▶ **Material for this task**
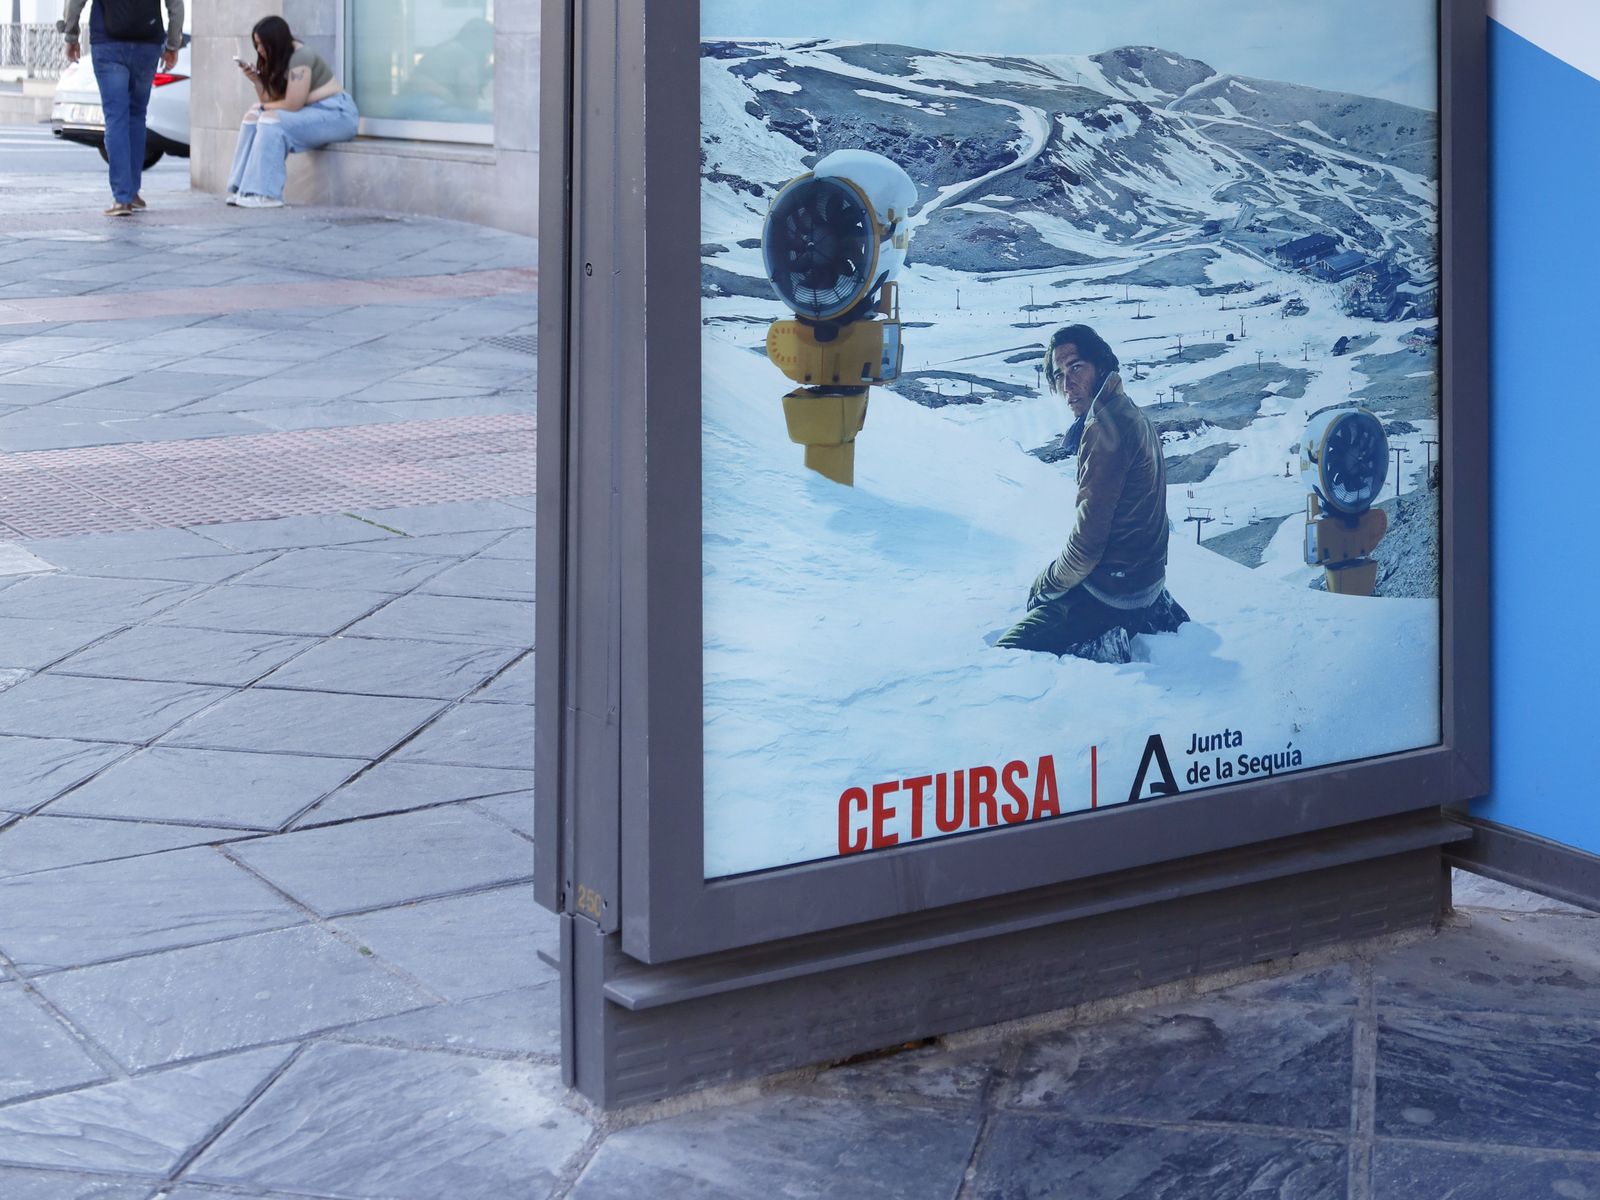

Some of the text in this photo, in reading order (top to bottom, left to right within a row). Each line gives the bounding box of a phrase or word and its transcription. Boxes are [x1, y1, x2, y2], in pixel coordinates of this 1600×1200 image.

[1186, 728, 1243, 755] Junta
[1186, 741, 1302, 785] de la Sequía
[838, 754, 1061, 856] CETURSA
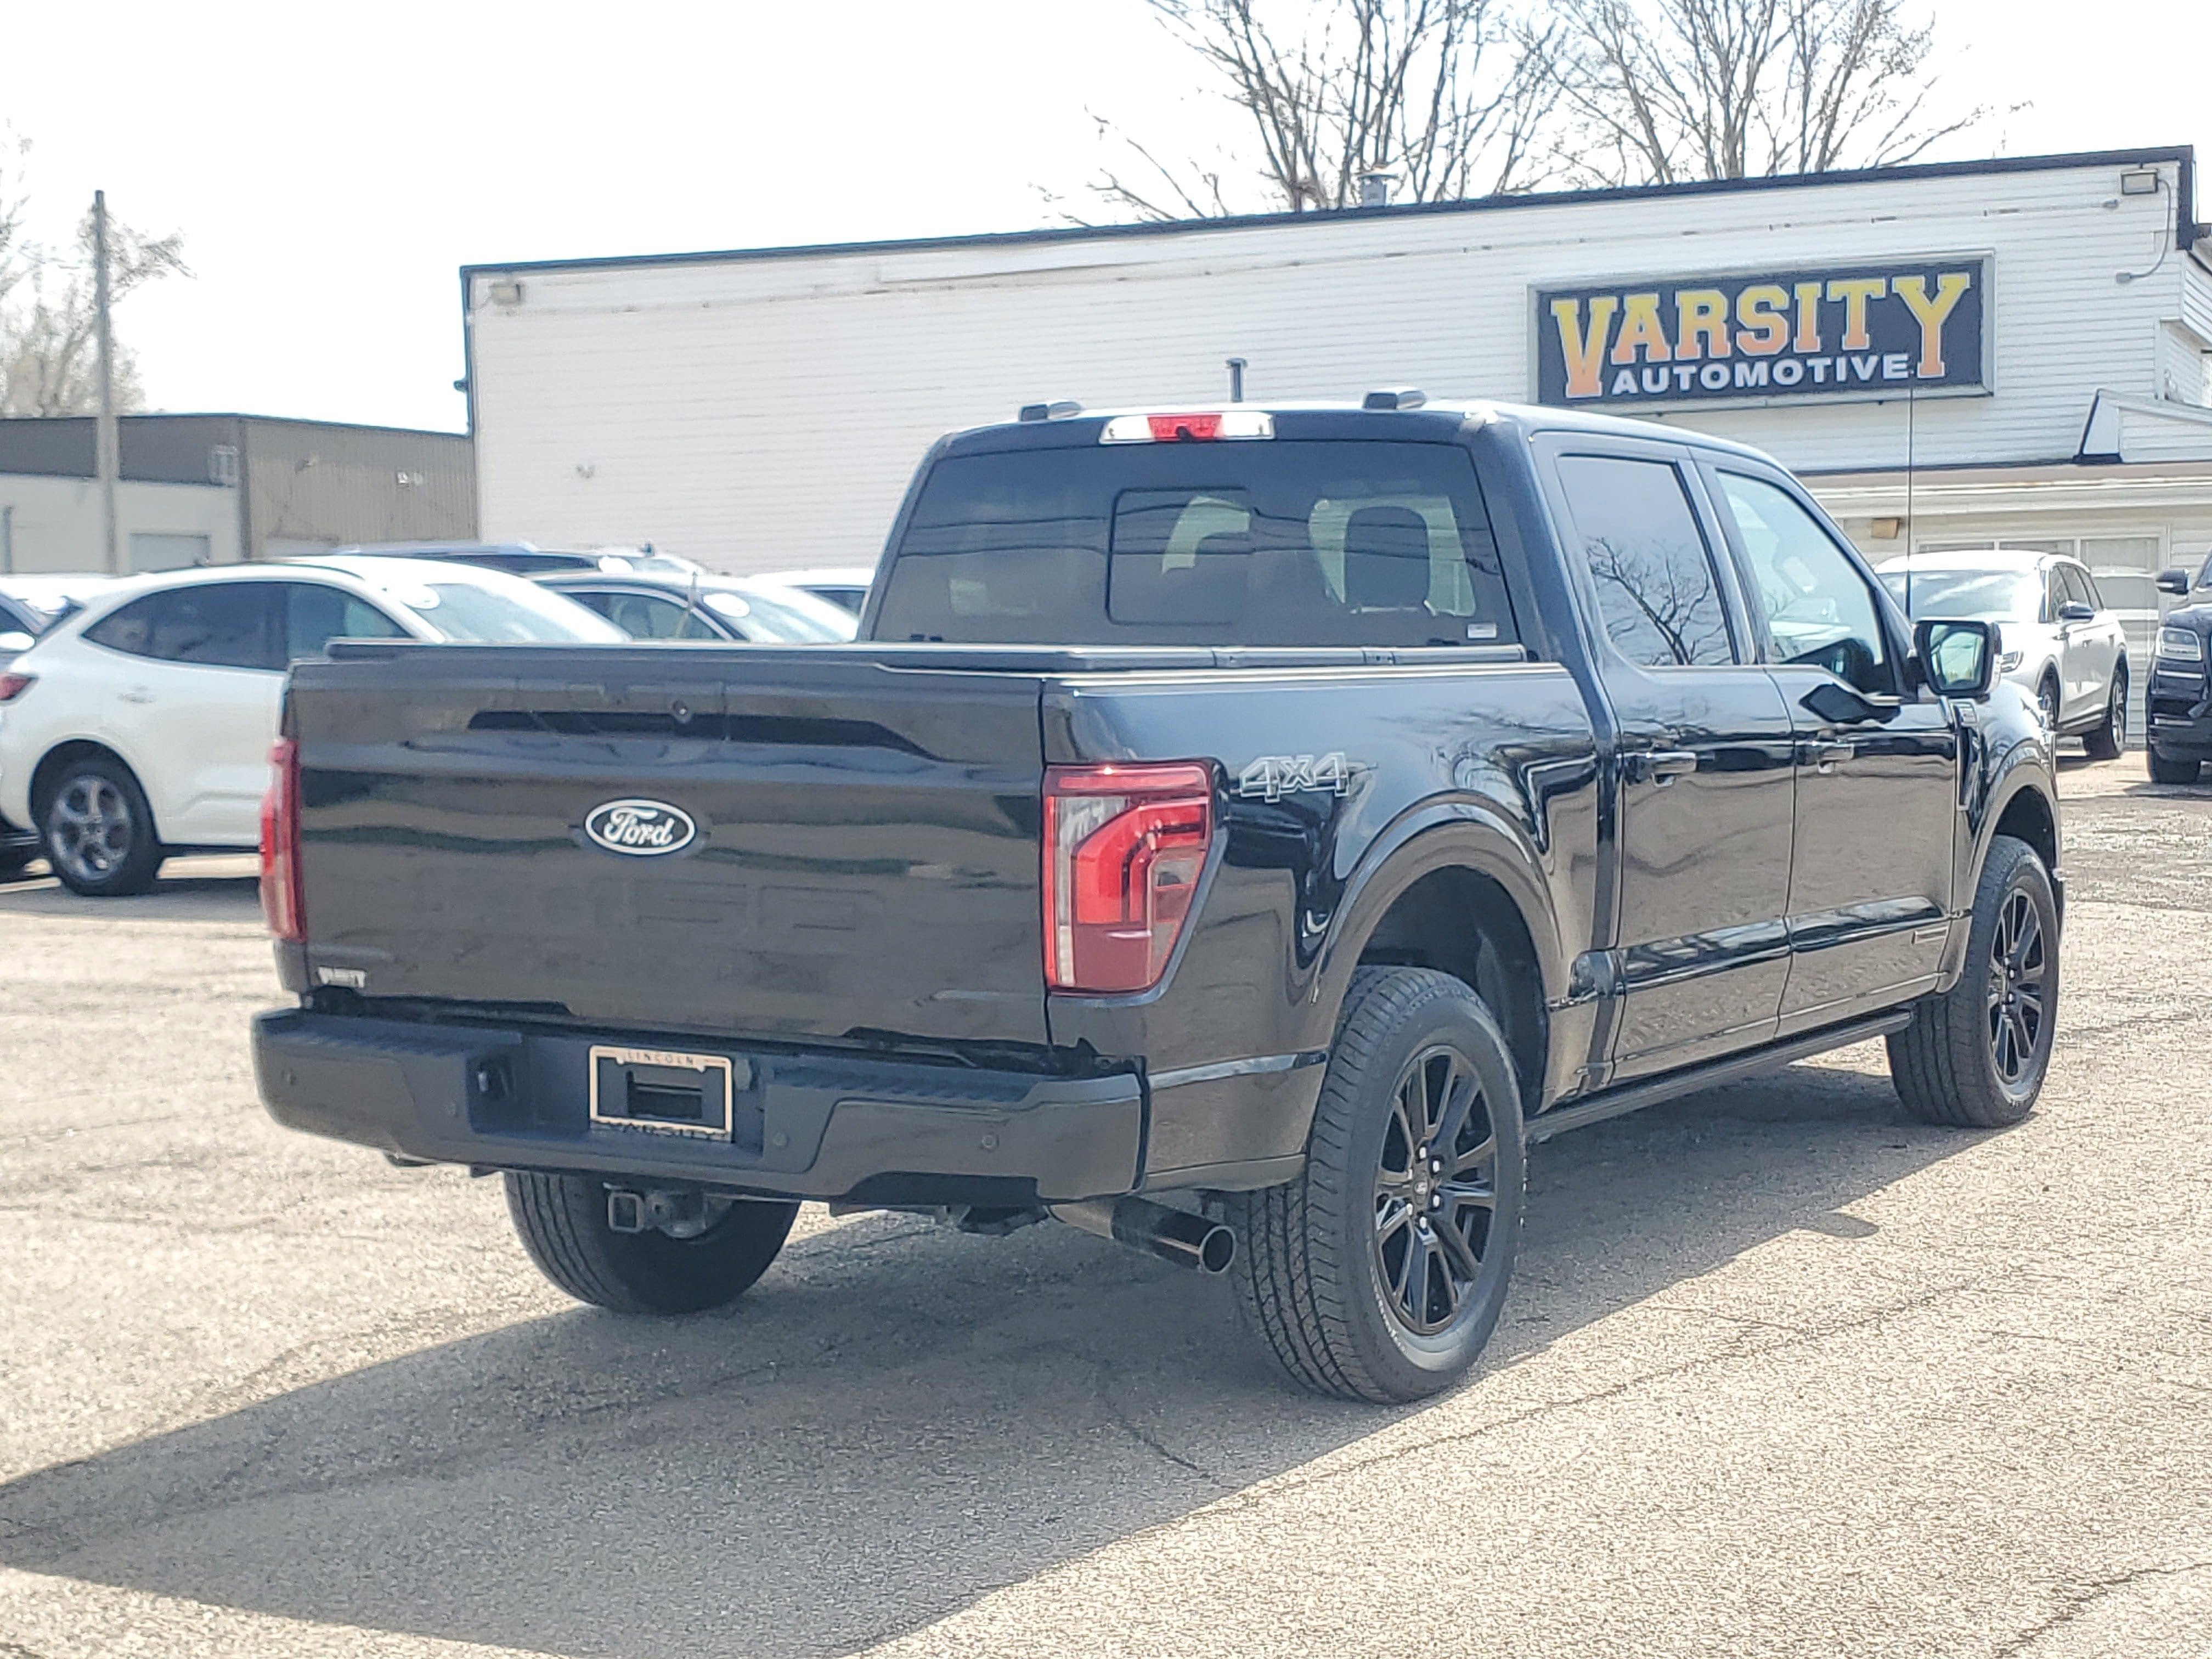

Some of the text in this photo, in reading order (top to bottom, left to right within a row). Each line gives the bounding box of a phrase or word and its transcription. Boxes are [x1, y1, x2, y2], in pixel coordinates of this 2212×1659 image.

▶ **What the exercise asks**
Go through the entries and retype each one exactly, skipping any image.

▶ **Your response**
Some of the text in this photo, in reading order (top to bottom, left to right within a row). Each line gives the bounding box of a phrase or word and its transcription. Boxes are [x1, y1, x2, y2], in pixel coordinates of this 1600×1200 image.

[1186, 728, 1243, 755] Junta
[1186, 741, 1302, 785] de la Sequía
[838, 754, 1061, 856] CETURSA

Some of the text in this photo, in reading order (top to bottom, left to right within a row). Each line gives the bounding box of a phrase or word and its transcription. Boxes are [x1, y1, x2, y2], in pixel coordinates of this 2212×1659 image.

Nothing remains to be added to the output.